> **Dataset excerpts**:
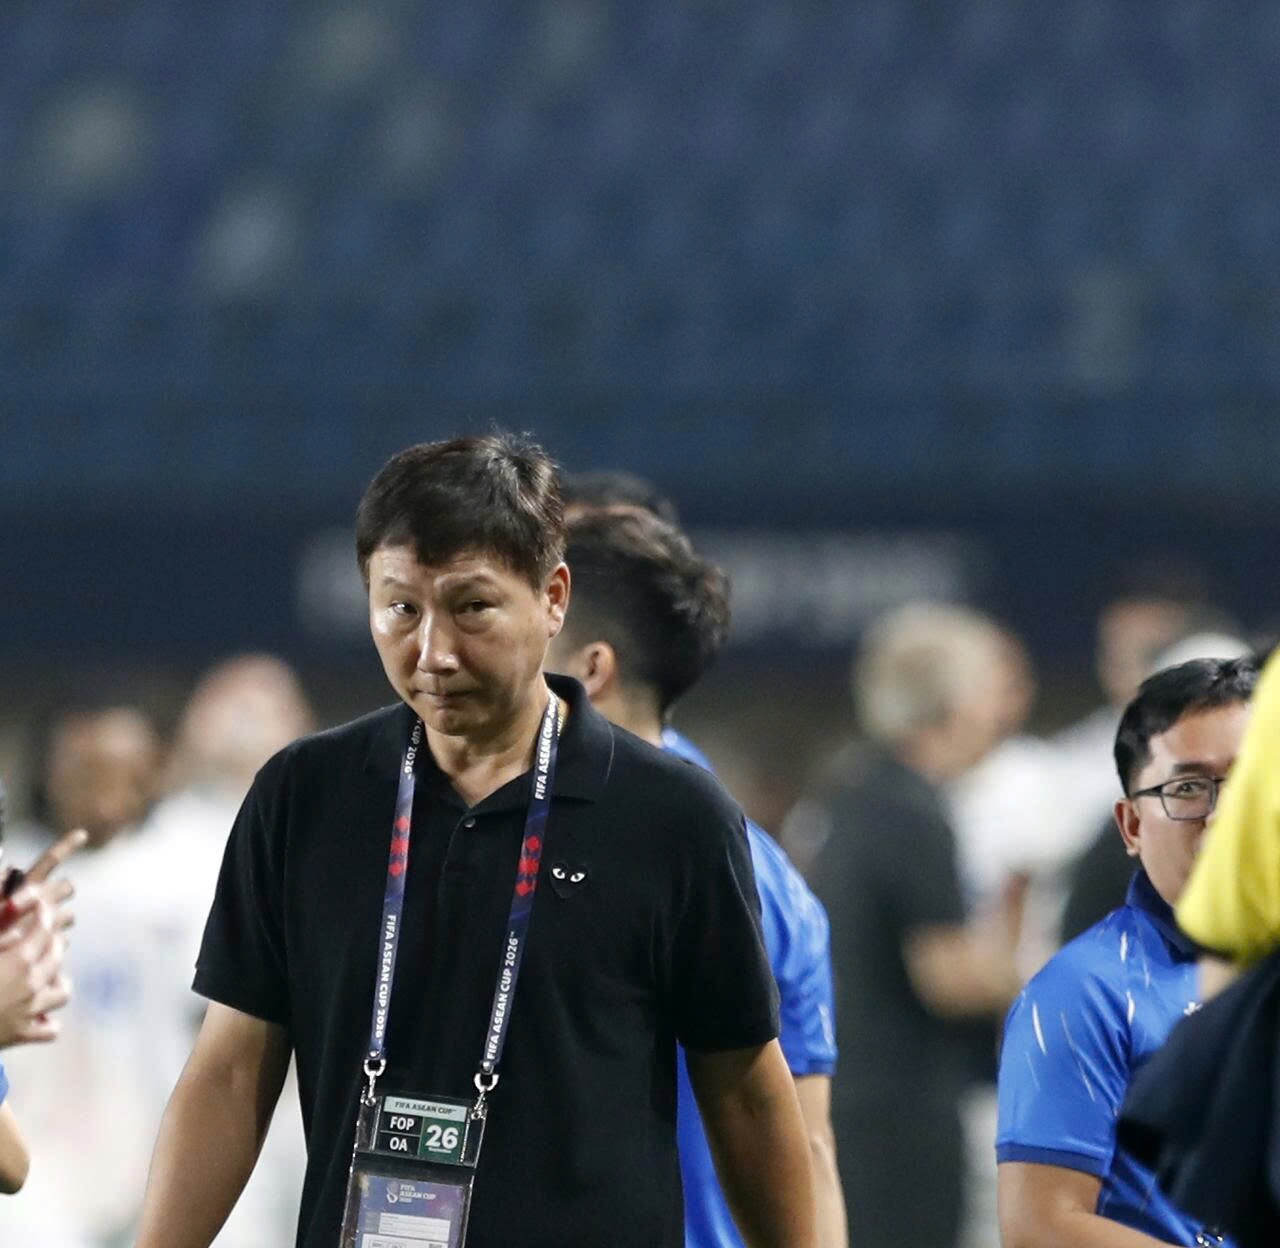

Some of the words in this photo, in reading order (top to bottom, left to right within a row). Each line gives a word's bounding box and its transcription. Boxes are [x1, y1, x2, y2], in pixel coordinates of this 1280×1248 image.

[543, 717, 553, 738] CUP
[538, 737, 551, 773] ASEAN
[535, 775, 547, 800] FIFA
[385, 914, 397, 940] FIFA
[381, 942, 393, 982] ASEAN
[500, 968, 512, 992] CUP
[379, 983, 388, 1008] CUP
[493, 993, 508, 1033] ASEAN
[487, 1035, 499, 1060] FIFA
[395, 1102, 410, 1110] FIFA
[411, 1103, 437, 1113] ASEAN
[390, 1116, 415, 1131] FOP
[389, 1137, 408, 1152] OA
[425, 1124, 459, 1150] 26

> **Task directions**: Could you write out the whole listing exactly, dropping the pictures?

> **Your response**:
Some of the words in this photo, in reading order (top to bottom, left to right within a row). Each line gives a word's bounding box and its transcription. Boxes are [x1, y1, x2, y2], in pixel coordinates of this 1280×1248 image.

[543, 717, 553, 738] CUP
[538, 737, 551, 773] ASEAN
[535, 775, 547, 800] FIFA
[385, 914, 397, 940] FIFA
[381, 942, 393, 982] ASEAN
[500, 968, 512, 992] CUP
[379, 983, 388, 1008] CUP
[493, 993, 508, 1033] ASEAN
[487, 1035, 499, 1060] FIFA
[395, 1102, 410, 1110] FIFA
[411, 1103, 437, 1113] ASEAN
[390, 1116, 415, 1131] FOP
[389, 1137, 408, 1152] OA
[425, 1124, 459, 1150] 26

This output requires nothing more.